**Task instructions:**
Transcribe the entries that follow, every word as written, and drop the pictures.

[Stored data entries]
----------------------------------------

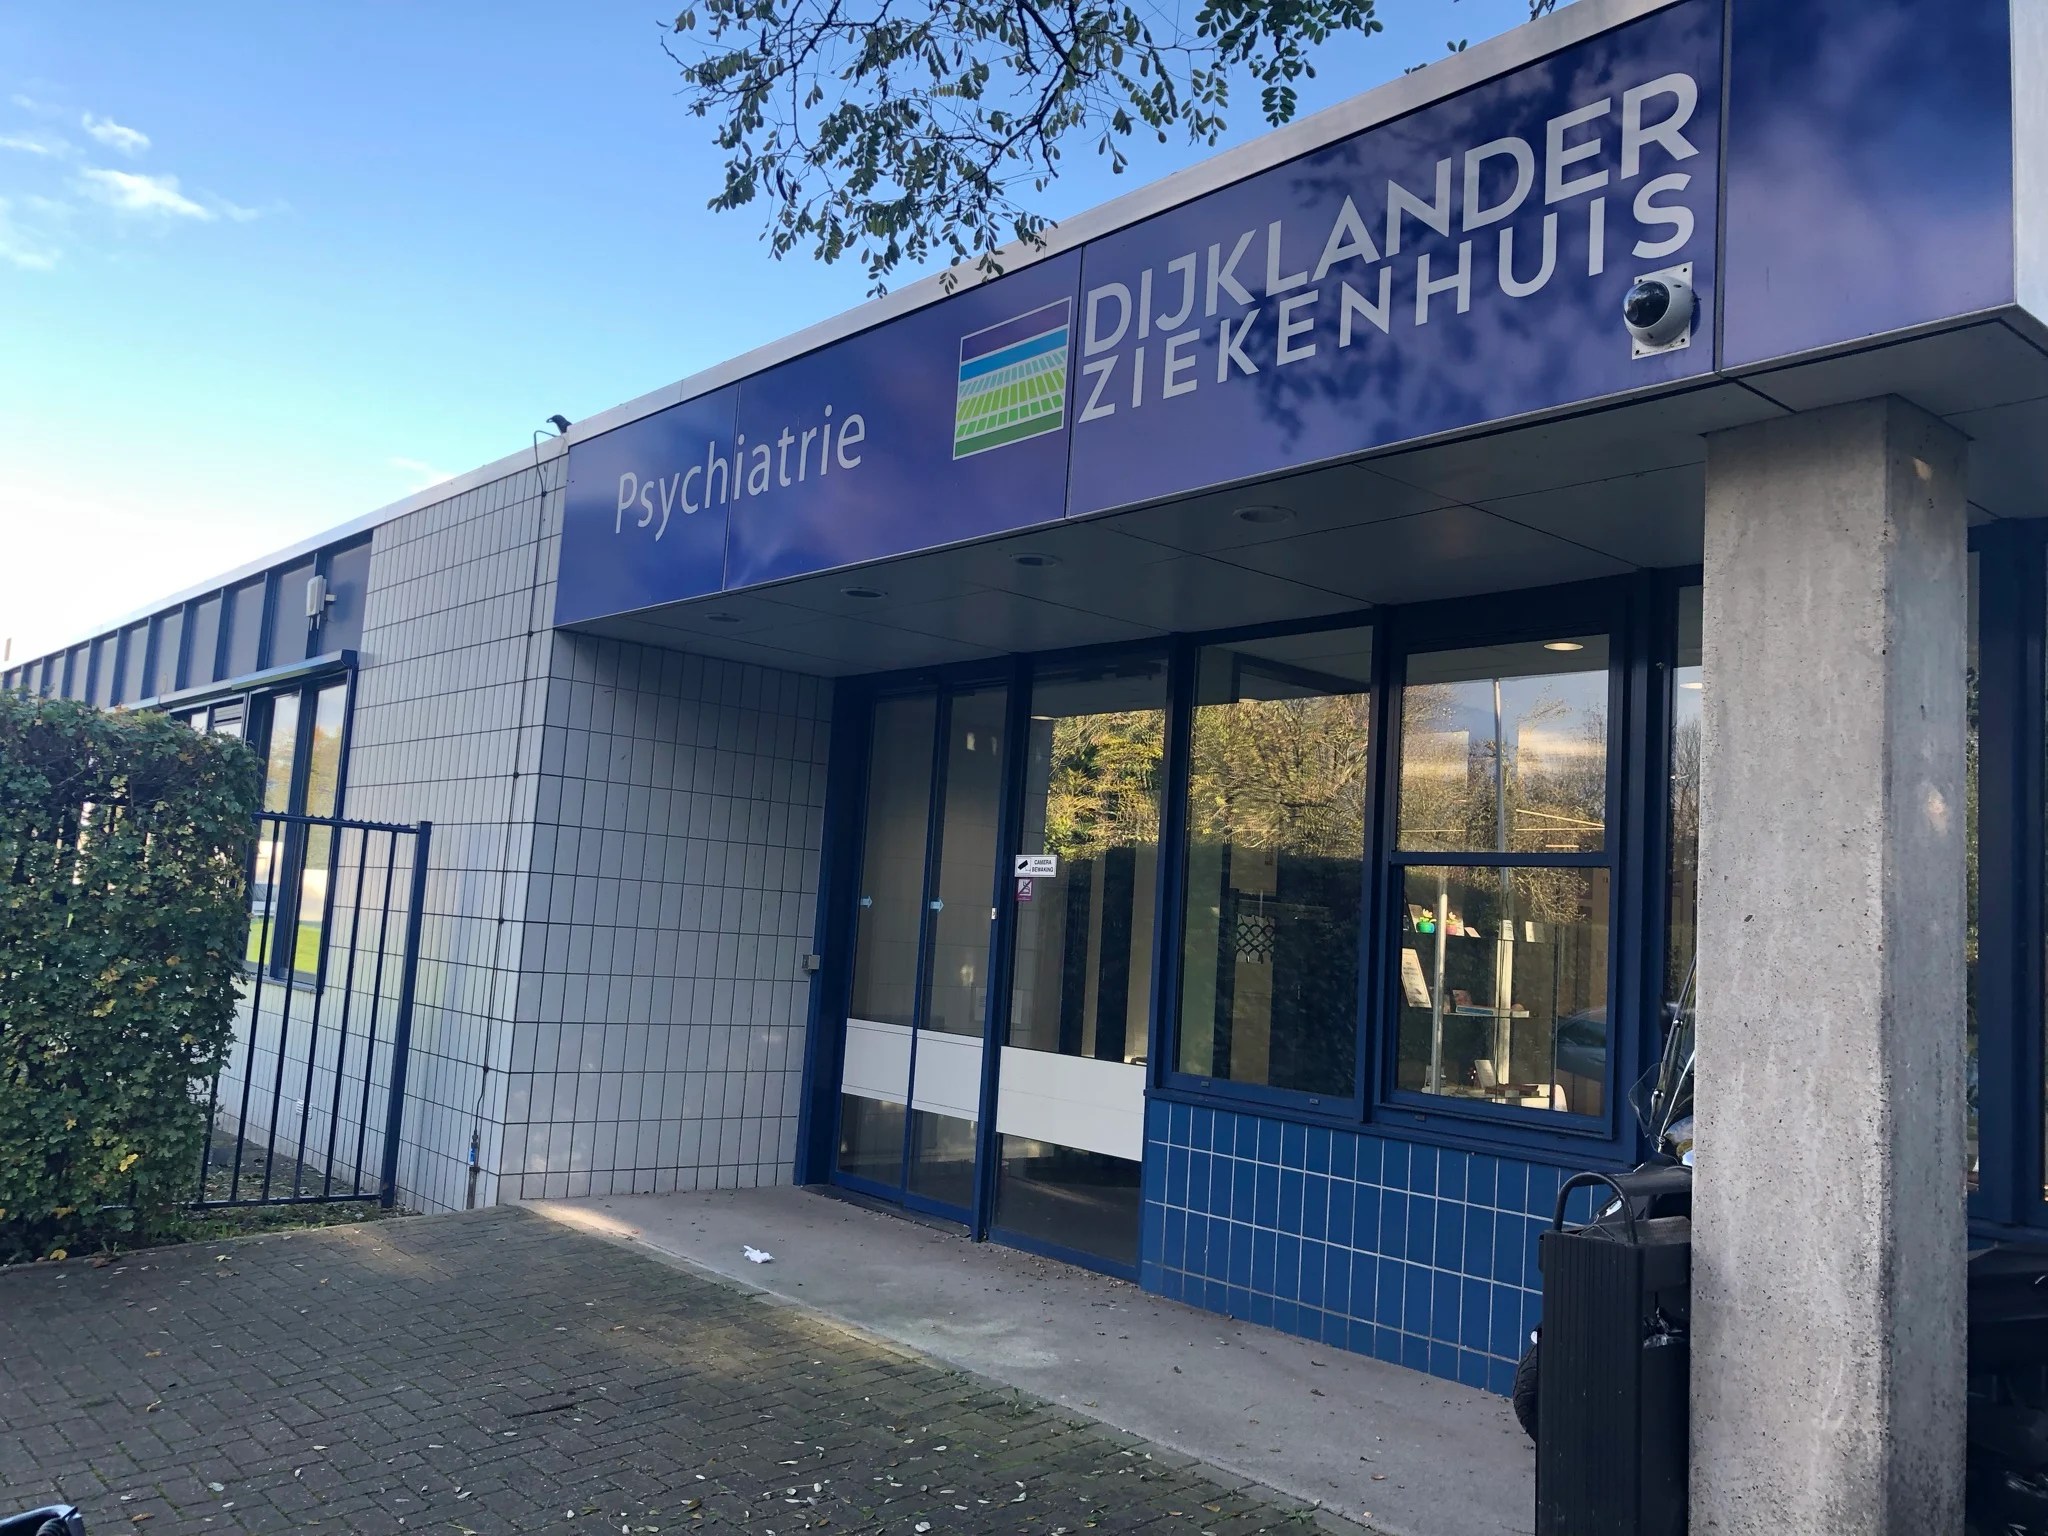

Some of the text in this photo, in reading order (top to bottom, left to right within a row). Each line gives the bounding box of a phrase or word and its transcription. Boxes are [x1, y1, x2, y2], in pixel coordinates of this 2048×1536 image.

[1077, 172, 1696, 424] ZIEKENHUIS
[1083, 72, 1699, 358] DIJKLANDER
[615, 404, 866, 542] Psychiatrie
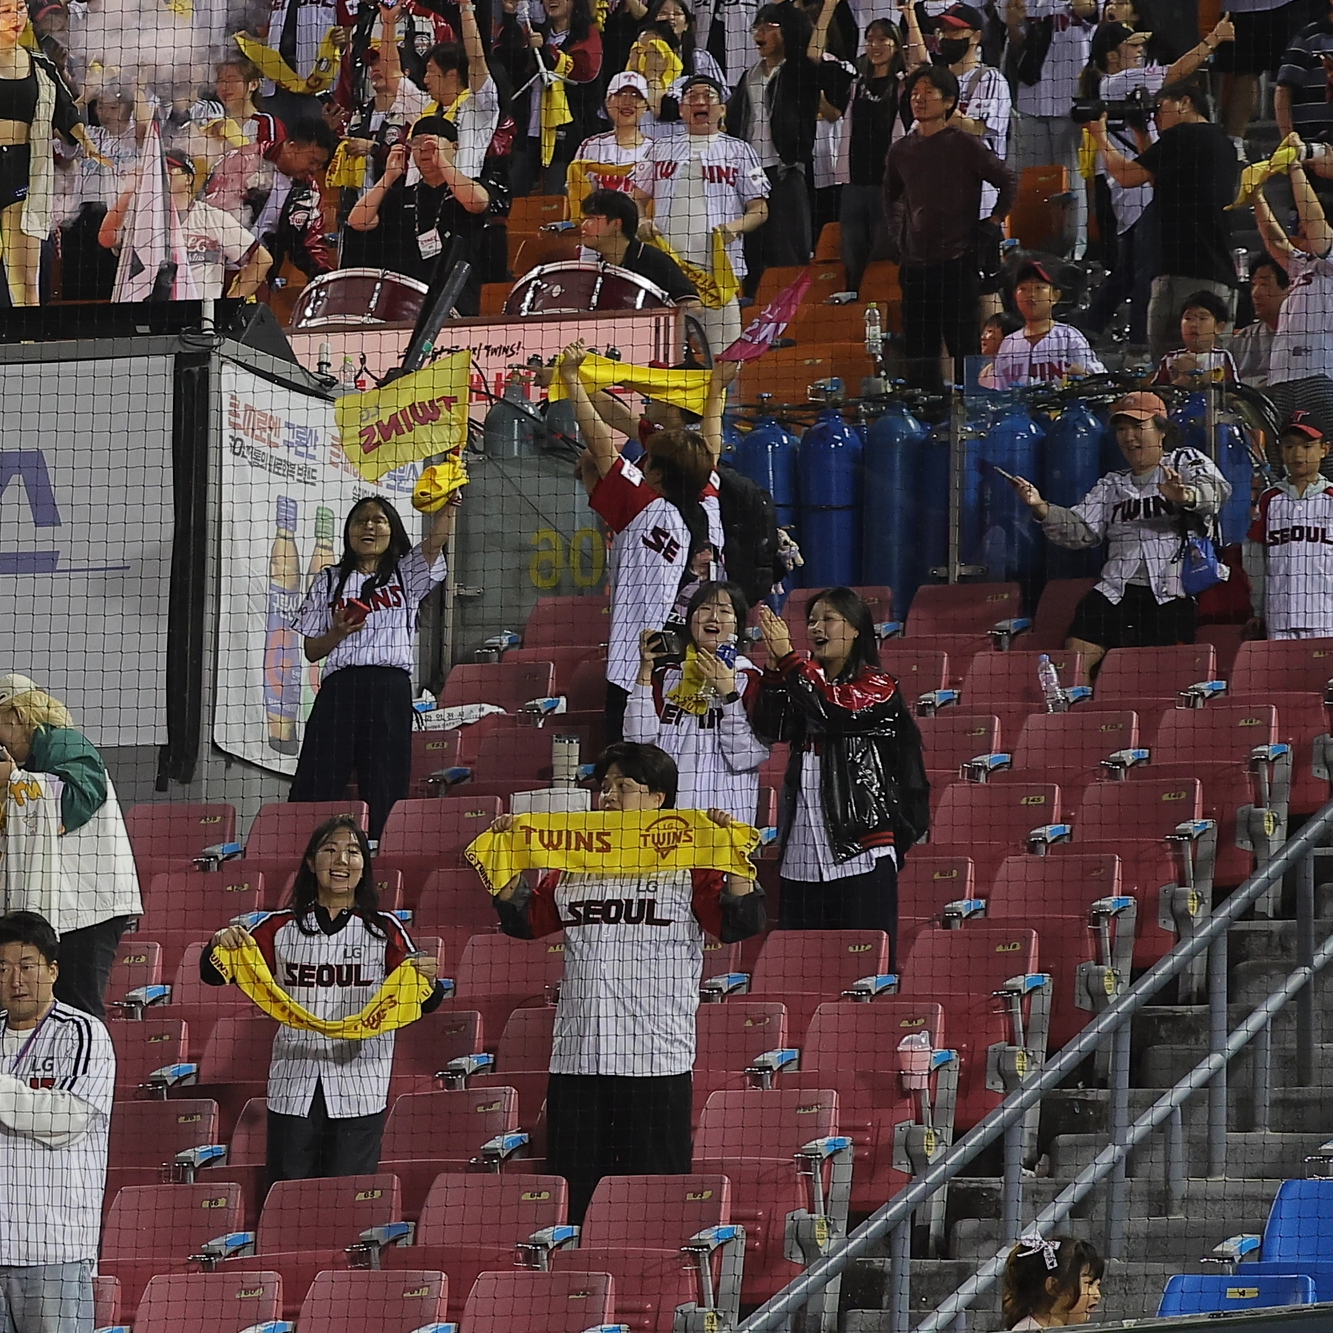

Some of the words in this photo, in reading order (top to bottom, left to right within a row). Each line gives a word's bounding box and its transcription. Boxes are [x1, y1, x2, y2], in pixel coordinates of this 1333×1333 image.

----------------------------------------

**Task output:**
Some of the text in this photo, in reading order (top to bottom, left to right within a row). Each line gives the bounding box of a phrase or word and its transcription. Boxes are [x1, y1, x2, y2], in pixel coordinates of this 2048×1536 image.

[1077, 172, 1696, 424] ZIEKENHUIS
[1083, 72, 1699, 358] DIJKLANDER
[615, 404, 866, 542] Psychiatrie

Some of the words in this photo, in reading order (top to bottom, left to right within a row). Each line gives a word's bounding box and its transcription. Boxes are [x1, y1, x2, y2], in pixel coordinates of this 1333×1333 image.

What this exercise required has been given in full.